The substrate 10 may not be a photodiode, and the substrate 10 does not necessarily include the semiconductor substrate 11. The substrate 10 may include, for example, a ceramic substrate or a glass substrate instead of the semiconductor substrate 11. As the ceramic substrate, an aluminum nitride (AlN) substrate, an alumina (Al ₂ O ₃ ) substrate, or the like is used.

The other electronic components 3 mounted on the electronic components 1A, 1B are not necessarily laser diodes.
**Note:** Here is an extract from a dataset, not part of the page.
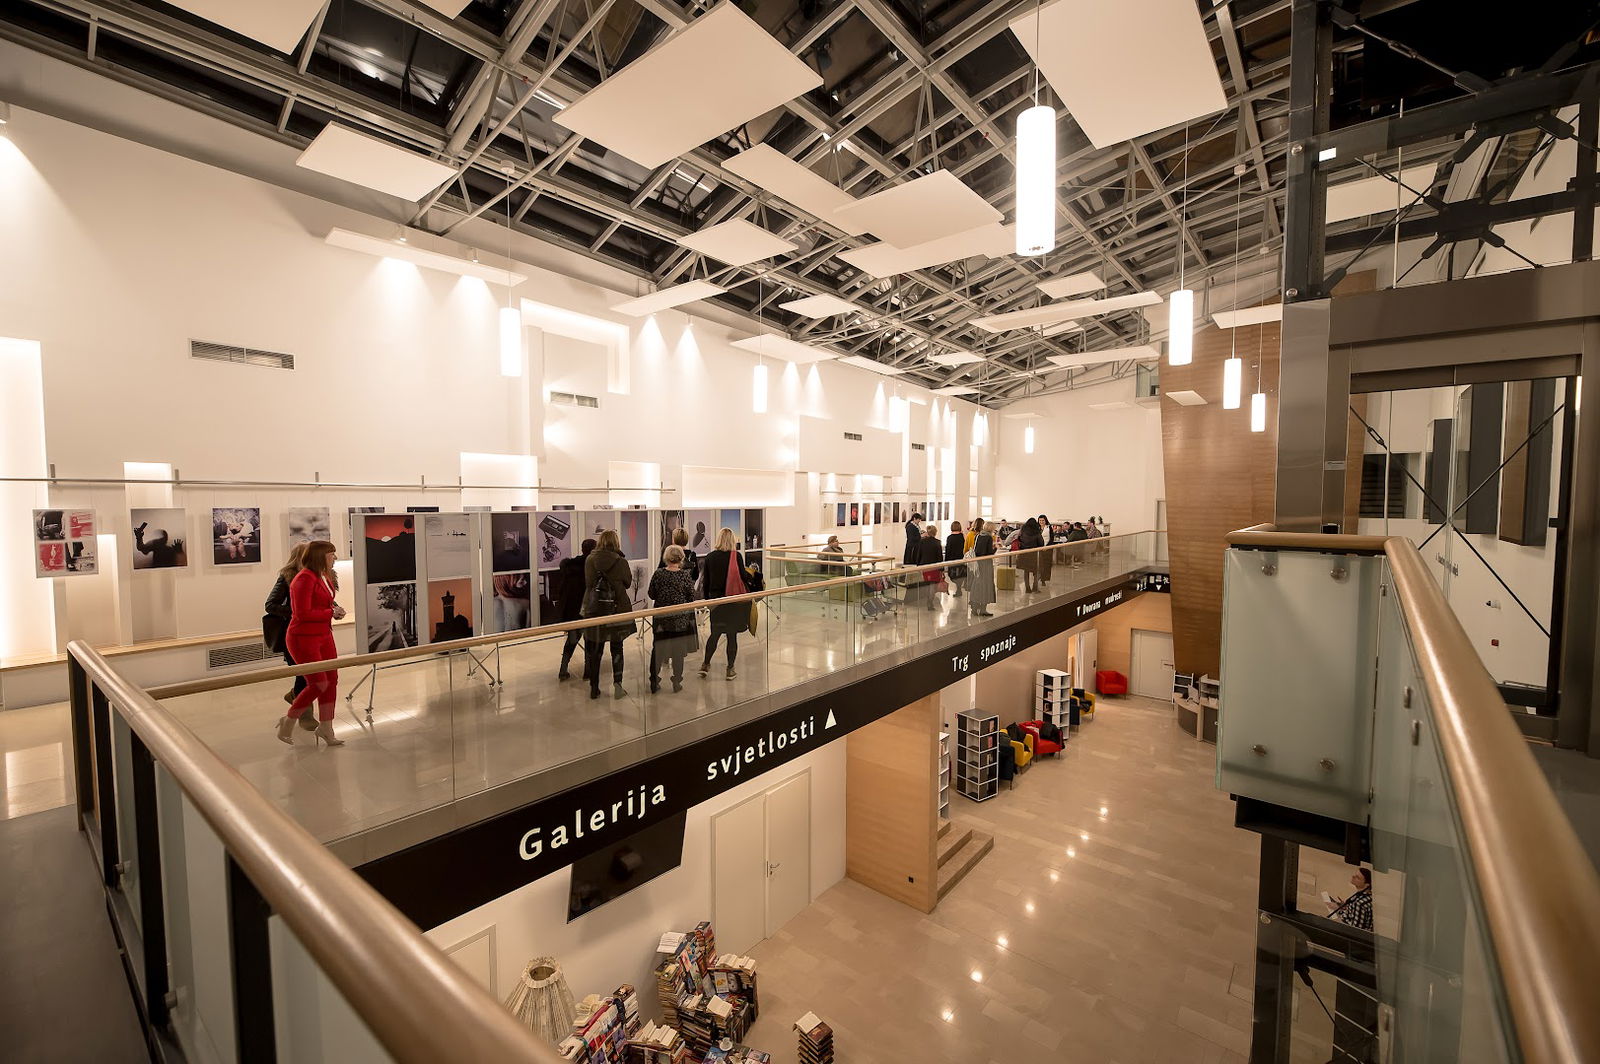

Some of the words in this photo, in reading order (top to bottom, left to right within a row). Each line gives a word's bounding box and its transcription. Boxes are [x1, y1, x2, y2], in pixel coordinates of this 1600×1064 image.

The other electronic component 3 may be, for example, a light receiving element, a light emitting element, a semiconductor package, a circuit board, an active part, or a passive part.

[Industrial availability]

The present invention can be applied to electronic components such as submount substrates.

1A‧‧‧Electronic parts

3‧‧‧Electronic parts

10‧‧‧Substrate

11‧‧‧Semiconductor substrate

11a‧‧‧Main surface

11b‧‧‧Main surface

11c‧‧‧ side

13‧‧‧1st semiconductor area

15‧‧‧passivation film

15a‧‧‧ Opening

20‧‧‧Layered body

21~23‧‧‧ Conductive metal material layer

23a‧‧‧ Solder layer configuration area

23b‧‧‧ Solder layer non-arranged area

23c‧‧‧slit

30‧‧‧ solder layer

Claims (4)

An electronic component comprising: a substrate; a laminate of a plurality of layers of a conductive metal material disposed on the substrate; and a solder layer disposed on the laminate and comprising an Au-Sn alloy solder; The layered body has a surface layer containing Au as the conductive metal material layer constituting the outermost layer, and the surface layer includes a solder layer arrangement region in which the solder layer is disposed, and a solder layer non-arrangement region in which the solder layer is not disposed; The solder layer arrangement region is spatially separated from the solder layer non-arrangement region. The electronic component according to claim 1, wherein the solder layer arrangement region is located inside the solder layer non-arrangement region so as to be surrounded by the solder layer non-arrangement region, and the entire circumference and the solder layer non-arrangement region are spatially Separated. The electronic component of claim 1 or 2, wherein the solder layer arrangement region and the solder layer non-arrangement region are spatially separated by a slit formed in the surface layer. The electronic component according to any one of claims 1 to 3, wherein the solder layer is disposed on the laminated body via a barrier layer containing Pt.